Protéines de signalisation adaptateur sont habituellement petites protéines sans aucune activité enzymatique. Ils possèdent différents domaines d’interaction ou les motifs et qui médient liaison à d’autres protéines impliqués dans la transduction des signaux, y compris les tyrosines kinases, phosphatases, ubiquitine ligases et autres21. Pour la démonstration des fonctionnalités de ce protocole, adaptateurs de cellules myéloïdes PSTPIP2 et OPAL1 ont été sélectionnés. PSTPIP2 est un bien caractérisé protéines impliquées dans la régulation de la réponse inflammatoire22. C’est une protéine cytoplasmique qui peut également être recrutée aux membranes cellulaires par l’intermédiaire de son domaine de F-bar. Deuxième protéine est un adaptateur transmembranaire OPAL1, devrait être associée aux membranes cellulaires. Sa fonction physiologique est encore inconnue. Toutefois, dans la leucémie aiguë lymphoblastique, expression de OPAL1 est associée avec le meilleur pronostic23.

constructions de cDNA codant pour PSTPIP2 ou OPAL1 fusionnées via un linker court (GSGGGS ou Myc-tag, respectivement) à EGFP à l’extrémité C-terminale ont été clonés dans le vecteur rétroviral pMSCV à l’aide de méthodes normalisées de clonage d’ADNc. Cette construction a été ensuite transfectée dans des cellules de Plat-E ainsi que l’emballage vectorielles pCL-Eco. Les surnageants résultantes contenant les rétrovirus ont été utilisés pour la transduction des cellules de moelle osseuse, suivie par la différenciation en BMDMs et BMDCs. L’efficacité de la transfection de Plat-E a été évaluée par cytométrie en flux après la collecte du deuxième surnageant contenant le virus. Efficacité de transfection moyenne a été de 62 % pour PSTPIP2-EGFP et 53 % pour OPAL1 et les résultats étaient très reproductible (Figure 1 a, B). Construction de OPAL1 semble être plus toxique pour les cellules de Plat-E (évaluées par l’apparition de cellules flottant/mourant en culture), conduisant à une réduction des pourcentages de cellules transfectées.

État de différenciation des macrophages de la moelle osseuse provenant des cellules dendritiques (transduites avec constructions rétrovirales PSTPIP2-EGFP et OPAL1-EGFP) a été mesurée par cytométrie. Macrophage mature population est définie par l’expression CD11b et F4/80, tandis que les cellules dendritiques expriment le marqueur de lignée CD11c. Plus de 90 % des cellules dans les deux types de culture étaient positifs pour les marqueurs respectifs (Figure 2 a, B). Enfin, nous avons déterminé que le niveau d’expression de la PSTPIP2-EGFP et OPAL1-EGFP construit dans BMDMs et BMDCs par une mesure de cytométrie de flux simple de fluorescence EGFP. Le pourcentage moyen des macrophages positifs EGFP est 71 % pour PSTPIP2-EGFP et 62 % pour OPAL1-EGFP (Figure 3 a). Dans le cas des cellules dendritiques, l’efficacité était inférieure, soit 32 % de PSTPIP2 et 9 % pour OPAL1 (Figure 3 b). Les résultats de plusieurs expériences démontrent la reproductibilité de cette méthode (Figure 3).

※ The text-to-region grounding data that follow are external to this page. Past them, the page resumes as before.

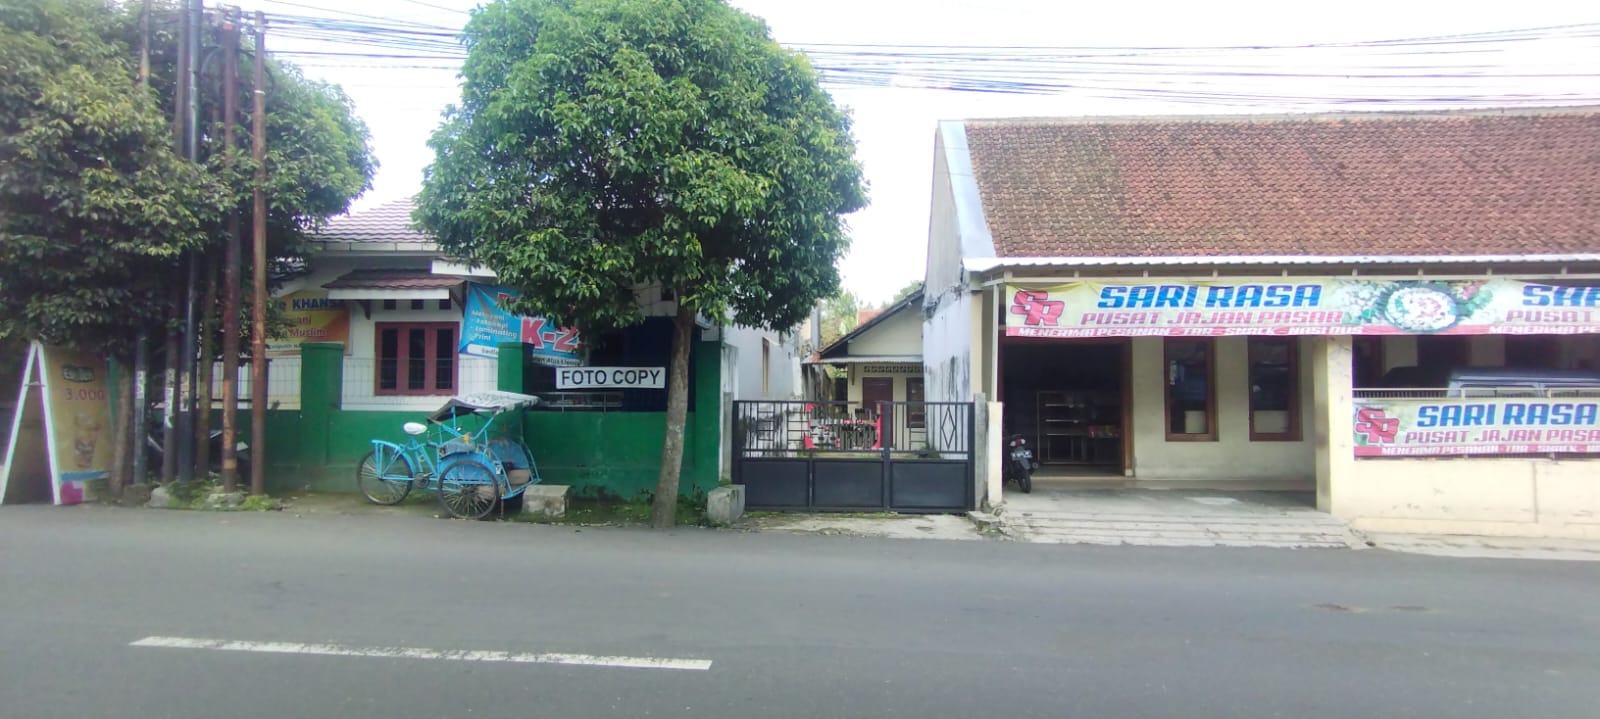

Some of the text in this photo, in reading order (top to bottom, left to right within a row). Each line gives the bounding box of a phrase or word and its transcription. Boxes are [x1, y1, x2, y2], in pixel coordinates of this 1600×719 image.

[1097, 284, 1322, 309] SARI RASA
[1010, 290, 1065, 326] SR
[1080, 310, 1344, 325] PUSAT JAJAN PASAR
[1505, 310, 1594, 322] PUSAT
[561, 369, 660, 385] FOTO COPY
[1416, 403, 1598, 427] SARI RASA
[1355, 407, 1400, 444] SR
[1405, 430, 1470, 443] PUSAT
[1474, 429, 1542, 442] JAJAN

En général, nous ne déterminent pas la concentration de virus dans les surnageants que nous utilisons dans les infections. Nous préférons utiliser le virus surnageants frais, immédiatement après le prélèvement, tandis que la détermination du titre virus requiert trois jours supplémentaires. Par conséquent, les informations sur le titre de virus ne peuvent être obtenues posteriori. Toutefois, il peut toujours être utile quand on aborde les problèmes et les questions techniques. Pour évaluer la concentration de virus dans les surnageants de Plat E des cellules transfectées avec PSTPIP2-EGFP et OPAL1-EGFP construit, nous avons incubé NIH-3 t 3 cellules avec les surnageants en série dilués contenant le virus prélevés dans ces cellules transfectées de Plat-E et titre de virus a déterminé exactement comme décrit par Zjablovskaja et al. à l’article24de le JoVE publiées antérieurement. Dans trois expériences indépendantes, le titre virus varie de 1,1 × 106 à 4,4 x 106 TU/mL. Nous n’avons pas observé des différences substantielles entre PSTPIP1-EGFP et constructions OPAL1-EGFP et entre les surnageants du jour 1 et jour 2. Lorsque ces surnageants ont été utilisés pour des infections de cellule de moelle osseuse selon le protocole, nous décrivons dans cet article, la multiplicité d’infection (MOI) varie entre 1.1 et 4.4. Fait intéressant, dans cet intervalle, on n’a pas observé une quelconque corrélation entre MOI et l’infection de l’efficacité.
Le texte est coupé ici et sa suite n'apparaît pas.